Cluster Utility: A New Metric for Clustering Biological Sequences

  • Authors:
  • Jason Lee;Sun Kim

  • Affiliations:
  • School of Informatics,Indiana University;Center for Genomics and Bioinformatics,Indiana University

  • Venue:
  • CSBW '05 Proceedings of the 2005 IEEE Computational Systems Bioinformatics Conference - Workshops
  • Year:
  • 2005

Quantified Score

Hi-index 0.00

Visualization

Abstract

Sequence clustering problem is different from traditional clustering problems in that the features of sequences are not observable and sequences cannot be placed in a metric space, which most clustering algorithms assume. The most widely used approach is to build a sequence graph using the all-pairwise sequence comparison data and to use the graph to generate clusters of sequences. Like other clustering problems, a metric to evaluate results from a sequence clustering algorithm is needed, but the metrics for traditional clustering problems are not readily applicable due to their metric space assumption.
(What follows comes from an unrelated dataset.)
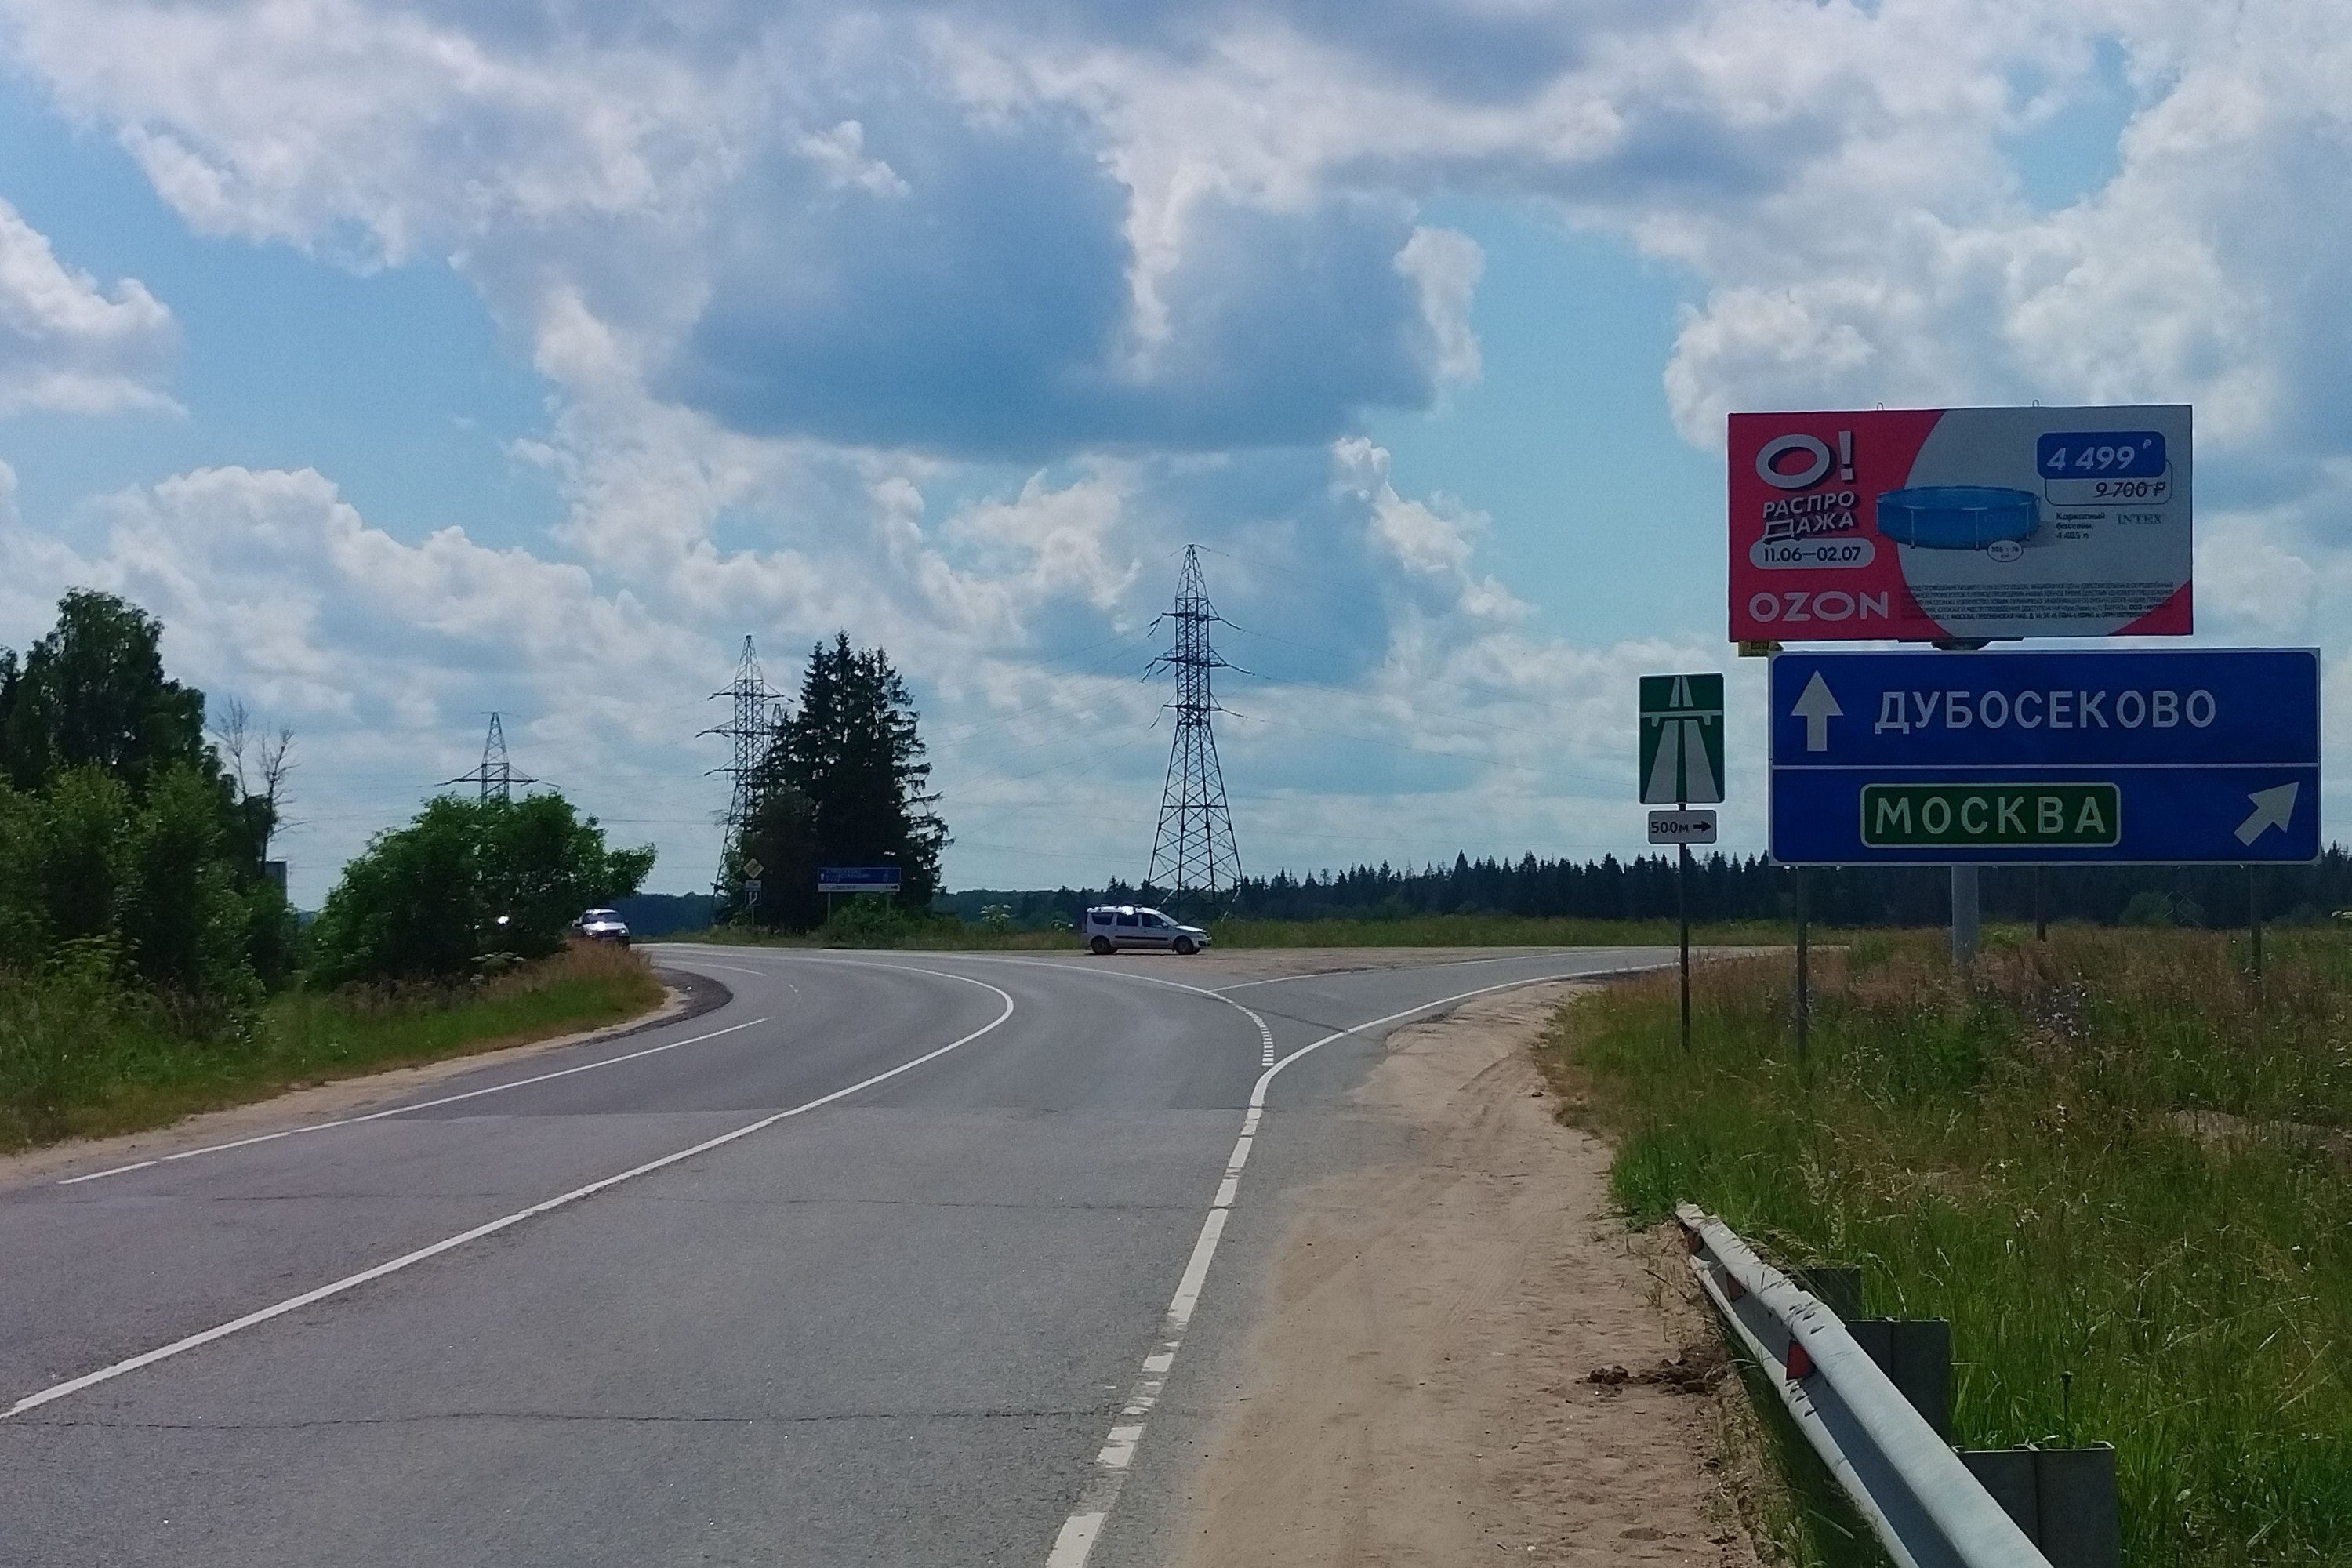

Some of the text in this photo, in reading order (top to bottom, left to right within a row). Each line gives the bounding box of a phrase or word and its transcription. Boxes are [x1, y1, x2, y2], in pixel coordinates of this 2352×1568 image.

We propose Cluster Utility (CU), a metric that is based on consideration of similarity within a cluster and difference between clusters without metric space assumption. CU showed a very high correlation with the quality index. CU scales very well with data size and its strong correlation with quality index was nearly invariable regardless of data size change. CU can be used in two ways: to guide sequence clustering algorithms and to evaluate clustering results.